*Task instructions*
The listing below should be printed in full and exactly, apart from its images.

*Information shown*
____________________

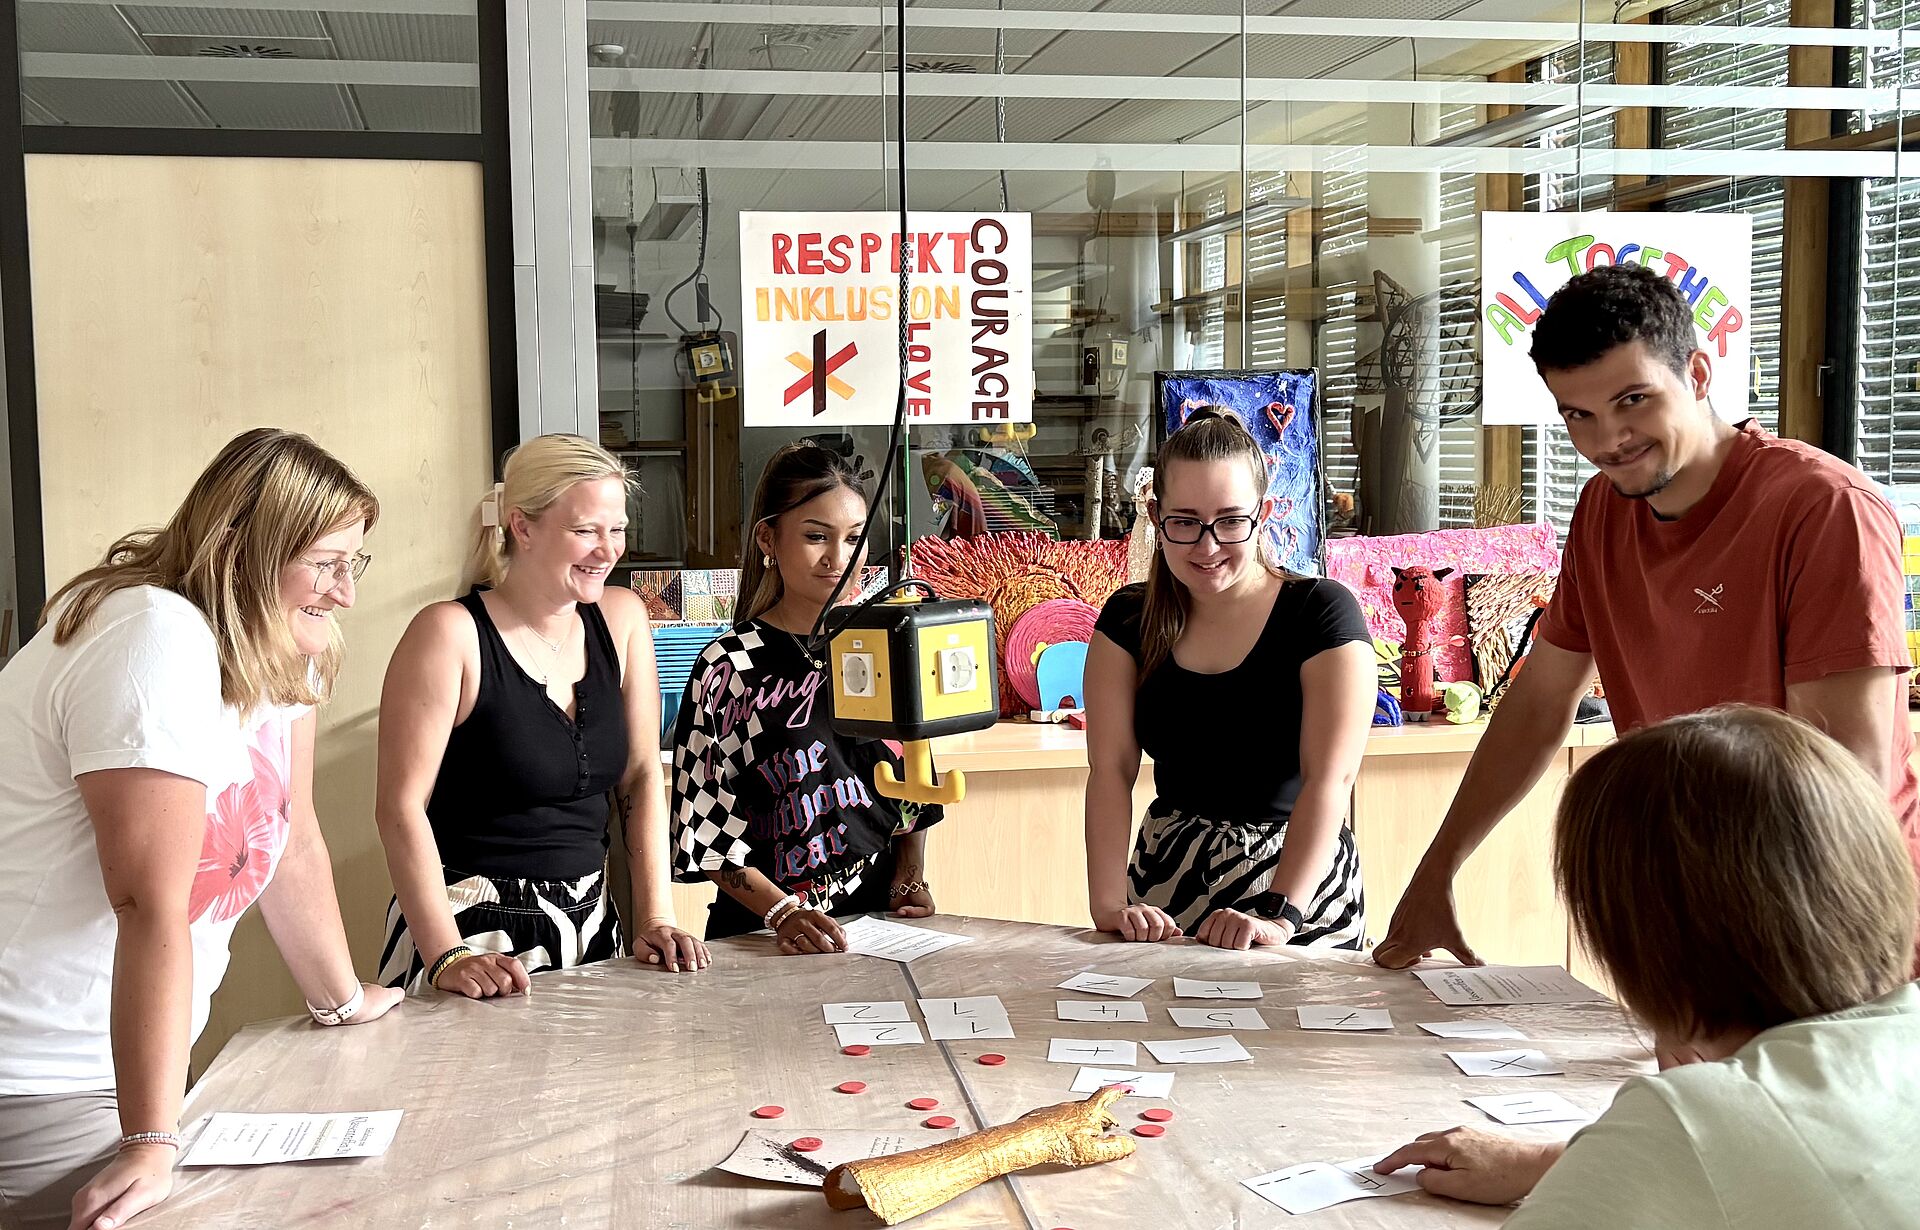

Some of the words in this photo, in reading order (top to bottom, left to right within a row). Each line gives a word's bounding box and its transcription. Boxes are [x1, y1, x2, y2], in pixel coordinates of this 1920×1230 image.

[772, 232, 970, 274] RESPEKT
[755, 285, 961, 322] INKLUSON
[971, 218, 1009, 420] COURAGE
[1486, 271, 1552, 345] ALL
[906, 322, 931, 416] LOVE

____________________

*Your response*
Some of the words in this photo, in reading order (top to bottom, left to right within a row). Each line gives a word's bounding box and its transcription. Boxes are [x1, y1, x2, y2], in pixel coordinates of this 1920×1230 image.

[772, 232, 970, 274] RESPEKT
[755, 285, 961, 322] INKLUSON
[971, 218, 1009, 420] COURAGE
[1486, 271, 1552, 345] ALL
[906, 322, 931, 416] LOVE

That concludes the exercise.